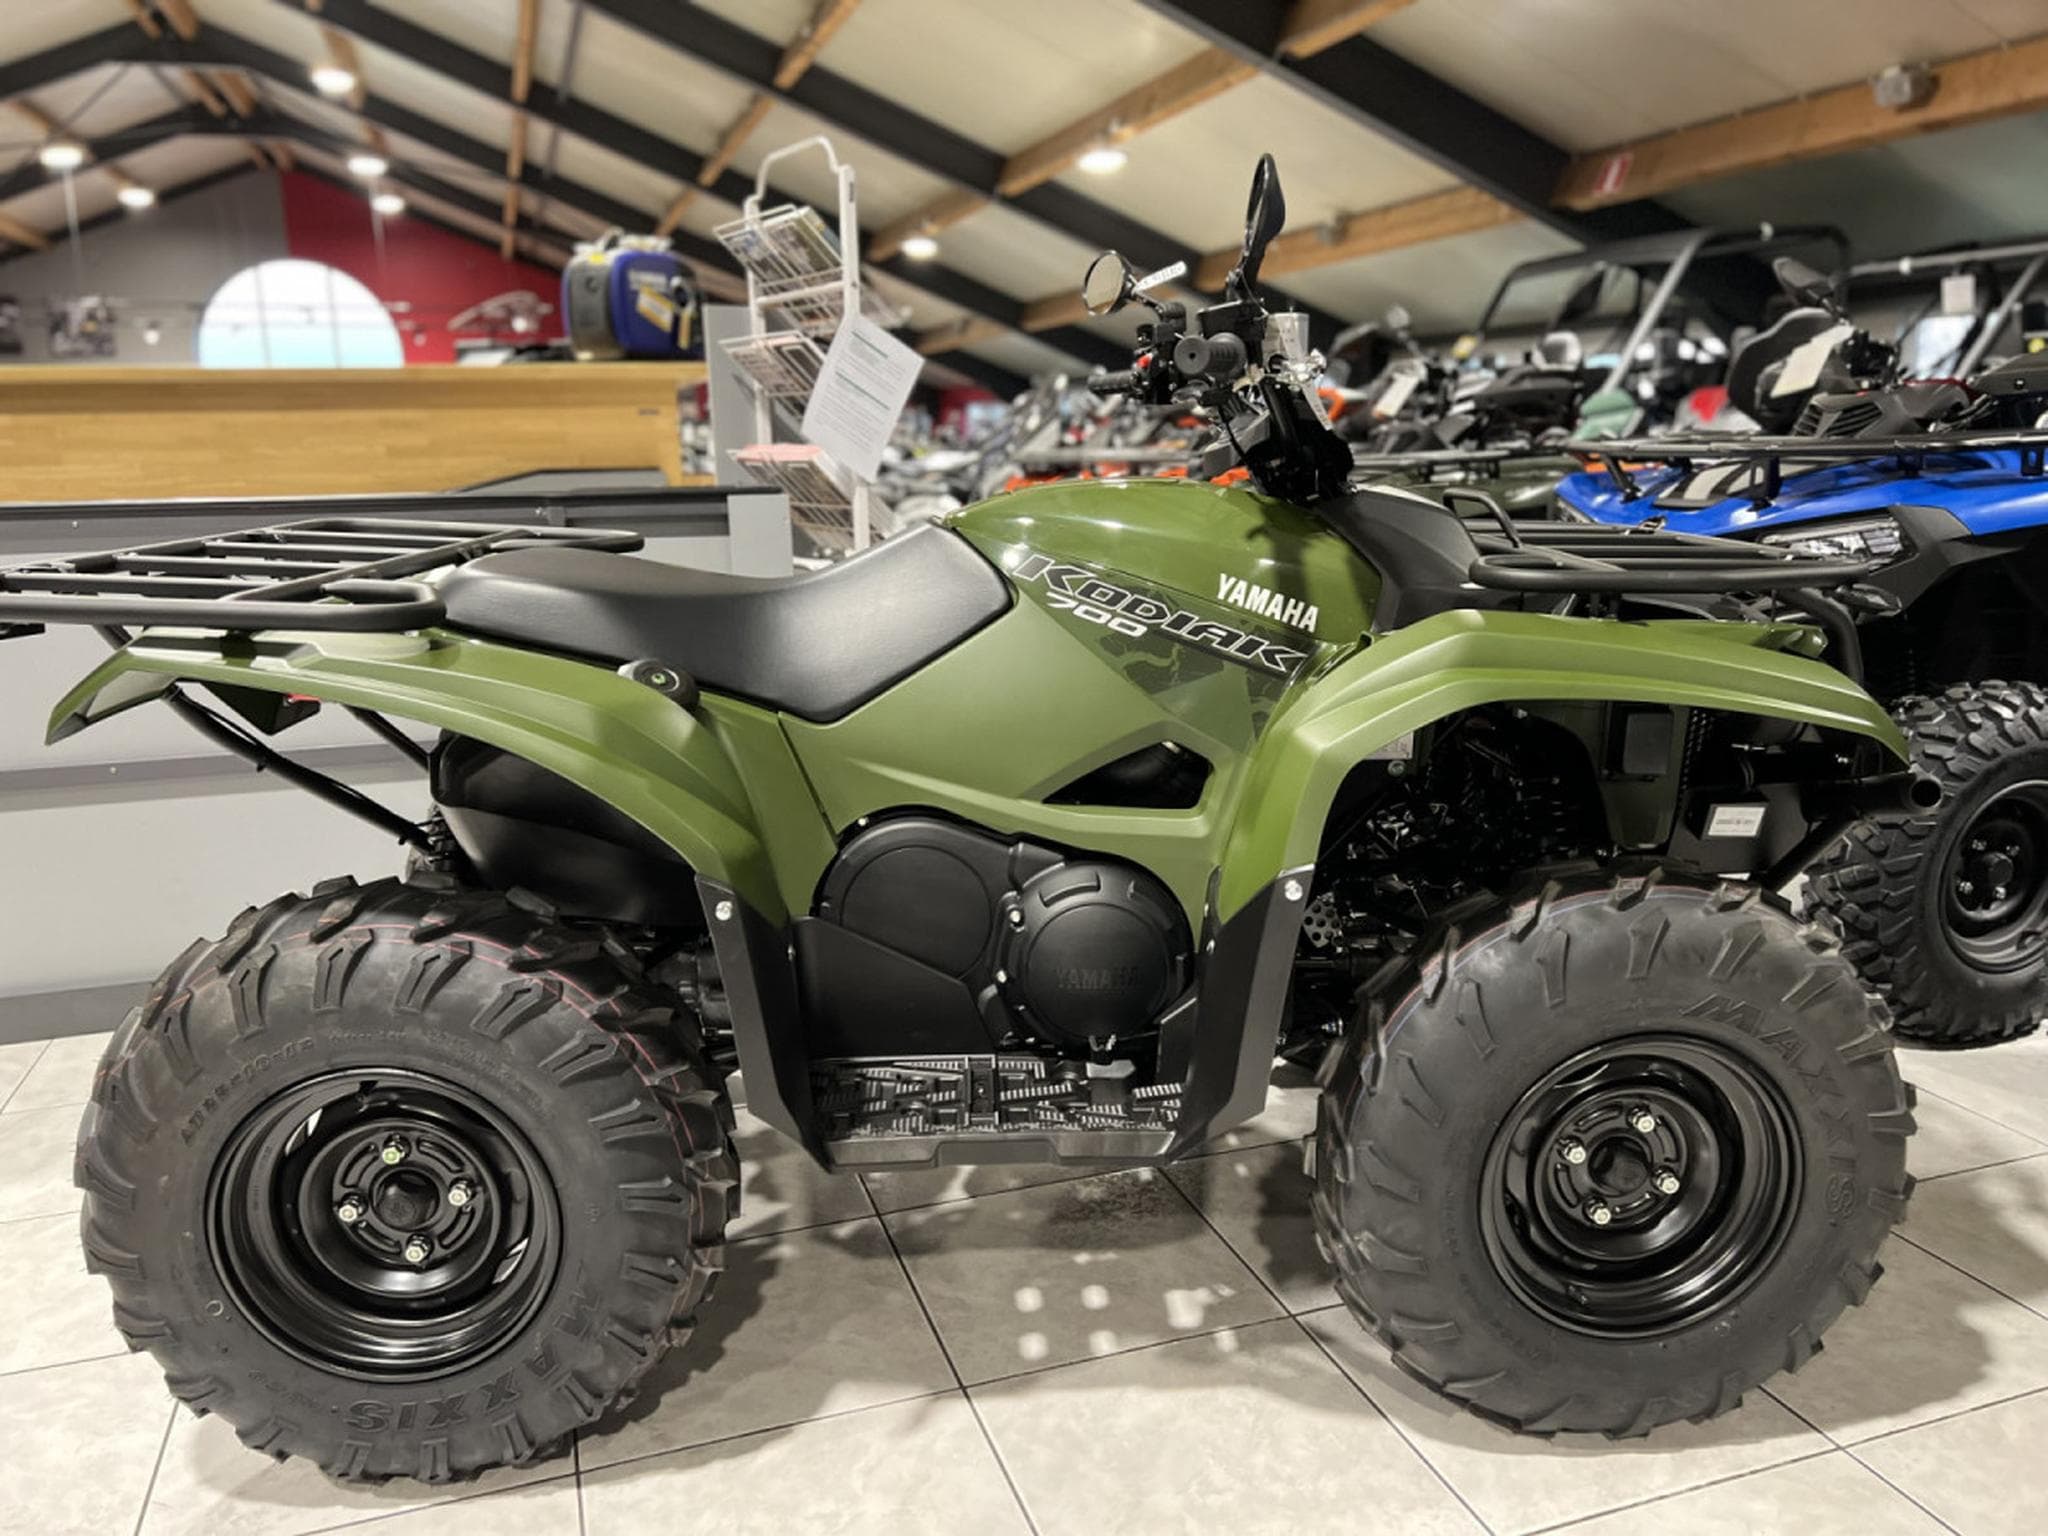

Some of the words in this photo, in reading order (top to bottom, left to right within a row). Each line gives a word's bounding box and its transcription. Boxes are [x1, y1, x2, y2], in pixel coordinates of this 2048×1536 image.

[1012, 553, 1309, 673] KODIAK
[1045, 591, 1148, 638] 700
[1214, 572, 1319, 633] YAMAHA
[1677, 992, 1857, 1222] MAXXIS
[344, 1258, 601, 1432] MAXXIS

• Action item
Copy the records exactly; no image should appear in the result.

• Result
Some of the words in this photo, in reading order (top to bottom, left to right within a row). Each line gives a word's bounding box and its transcription. Boxes are [x1, y1, x2, y2], in pixel coordinates of this 2048×1536 image.

[1012, 553, 1309, 673] KODIAK
[1045, 591, 1148, 638] 700
[1214, 572, 1319, 633] YAMAHA
[1677, 992, 1857, 1222] MAXXIS
[344, 1258, 601, 1432] MAXXIS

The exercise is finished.